Maalesef sizlerin cevapları o kadar önemli değil. 7 Aralık 2009’da Obama, Erdoğan’a İsrail ve Musevilerle ilişkilerimizde ne kadar ileri gidebileceğini söyleyecek. Bizler de AKP hükümetinin ne kadar galeriye oynadığını, ne kadar tutarlı bir dış politika izlediğini göreceğiz. ABD, İsrail’in sorgusuz sualsiz müttefiki boşuna değil. Yahudiler, AKP kaypaklığının her an İslam adına İran’ın arkasına kayabileceğini biliyorlar. Son analizde AKP patronlarının, ABD’nin sözünden çıkamayacağından da haberdarlar.
 
Adı Türkiye’de henüz duyulmamışken, Sudan Cumhurbaşkanı Ömer Hasan Ahmet El Beşir’i yazmıştım (ilgilenenler bakınız Ocak 2008, BirGün, Kürşad Kahramanoğlu arşivi www.birgun.net). Benim, Taraf fan kulübü arkadaşlarım arasında Abdullah Gül sempatizanı çok var. ‘Erdoğan’dan farklı, daha rafine, insan hakları konularında çok daha duyarlı’ falan diyorlar.

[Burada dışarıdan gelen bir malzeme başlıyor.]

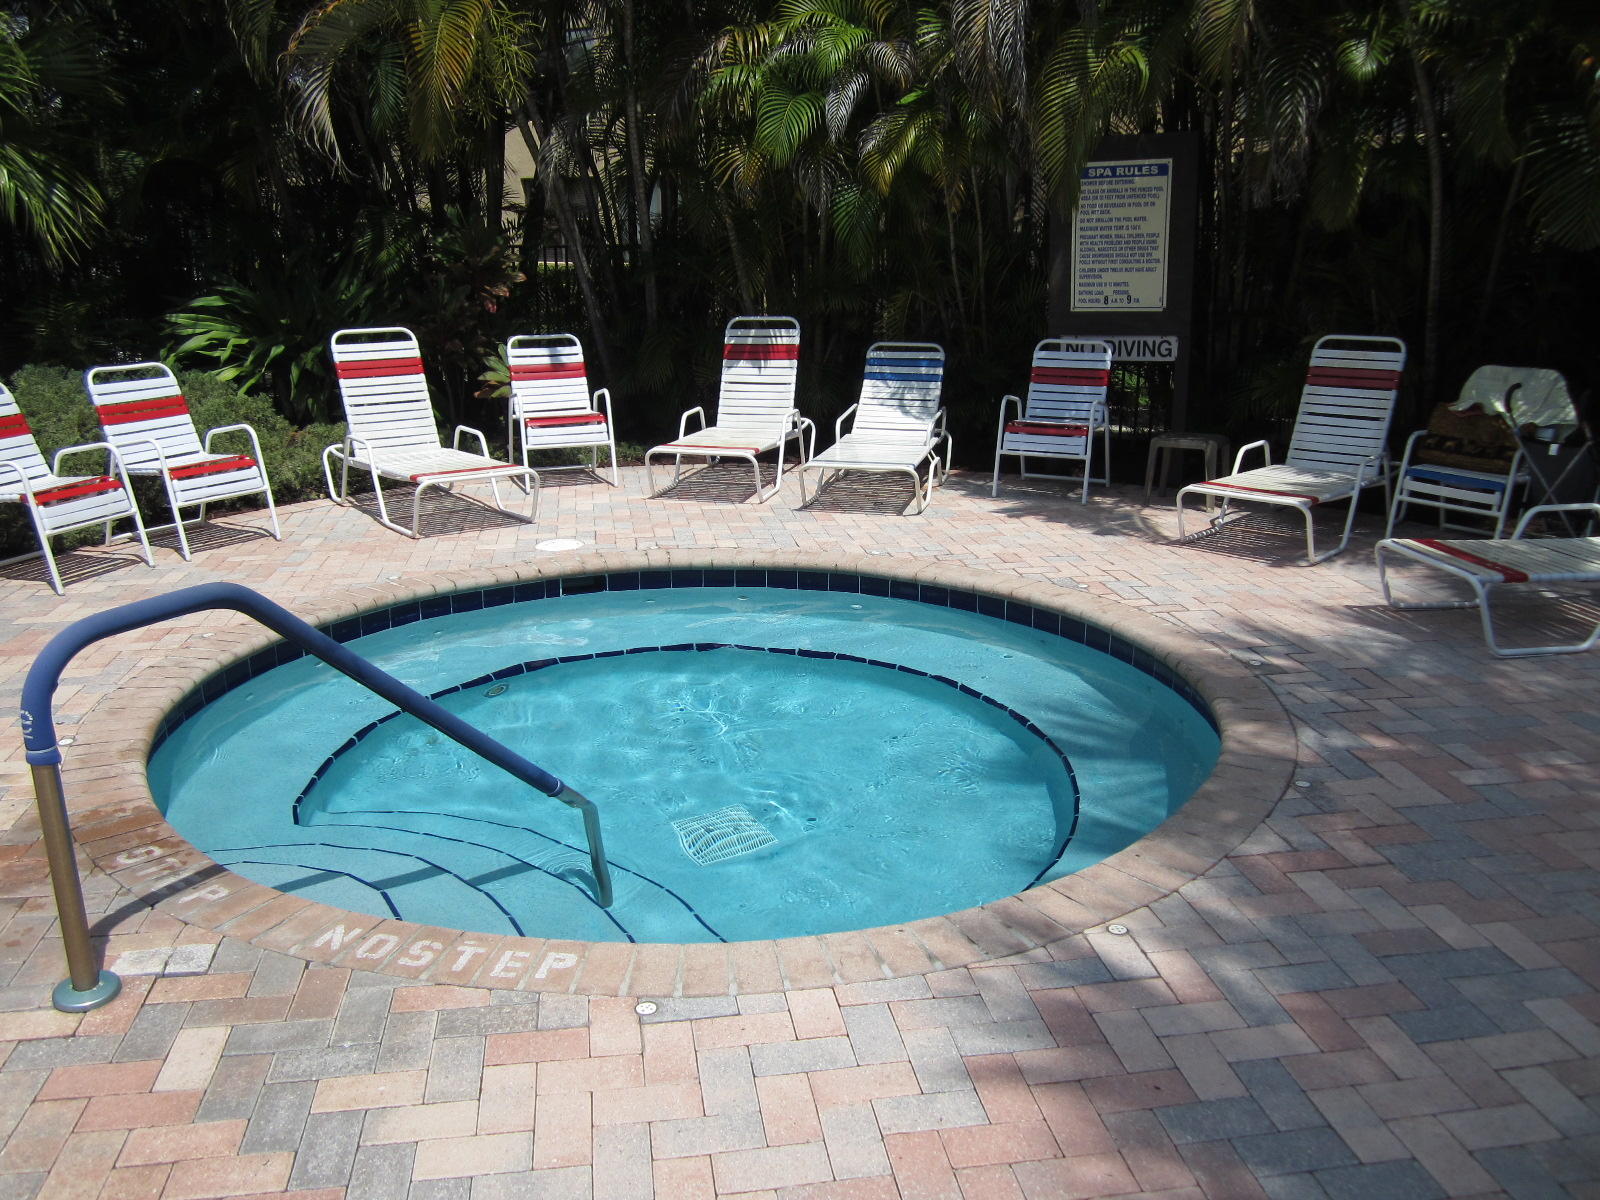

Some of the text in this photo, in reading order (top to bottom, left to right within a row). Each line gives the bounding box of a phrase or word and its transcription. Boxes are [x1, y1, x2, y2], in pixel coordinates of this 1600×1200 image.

Hepsine soruyorum: Biri, hakkında tutuklama kararı olan bir ‘insan kasabı’, diğeri yaşayan en bağnaz devlet başkanı ülkemize geleceklerdi, bu Cumhurbaşkanı ve AKP hükümeti bu insanları baş tacı yapıyor. El Beşir gerek Türkiye’deki, gerekse de dış muhalefet yüzünden bu sefer gelemedi. Bir daha Türkiye’yi ziyaret ederse de tutuklanıp, İnsan Hakları Mahkemesi’ne teslim edilmeli. Bilmem kaç milyon varil petrolü varmış, Hoca Efendi, Sudan’da ‘Türk Okulları’ açmış diye mırın kırın eden sözde insan hakları savunucuları ve imanları para olan iş adamları da utanmıyorlarsa, Sudan’a yatırım yapmaya devam etsinler.
 
İran Cumhurbaşkanı geldi, Erdoğan ve bilumum bakanlar İstanbul’daki oteline, ayağına koştular. Ülkesinde milyonlarca insanı ezen bu zalimi, baş tacı ettiler. Onun da petrolü var, otokratik bir düzenin başında din adına muhalefete izin vermeyen bu adama kendi halkı ‘Allah büyüktür, zalime ölüm’ diye bağırırken, AKP ‘kardeşimiz’ diye sarılıyor.
 
Beğenmediğiniz eski Cumhurbaşkanımız ‘Dışişleri Bakanlığı uygun görmedi' diye, Sudan'dan gelen ziyaret davetini geri çevirmişti’. O zaman dışişleri bakanı da Abdullah Gül’dü! Ben bir Türk olarak, tarikatlar koalisyonunun dış politikamızda yaptıkları bu din eksenli kaymadan utanıyorum. Sizler hâlâ Gül’ünüzden, AKP’nizden memnun musunuz?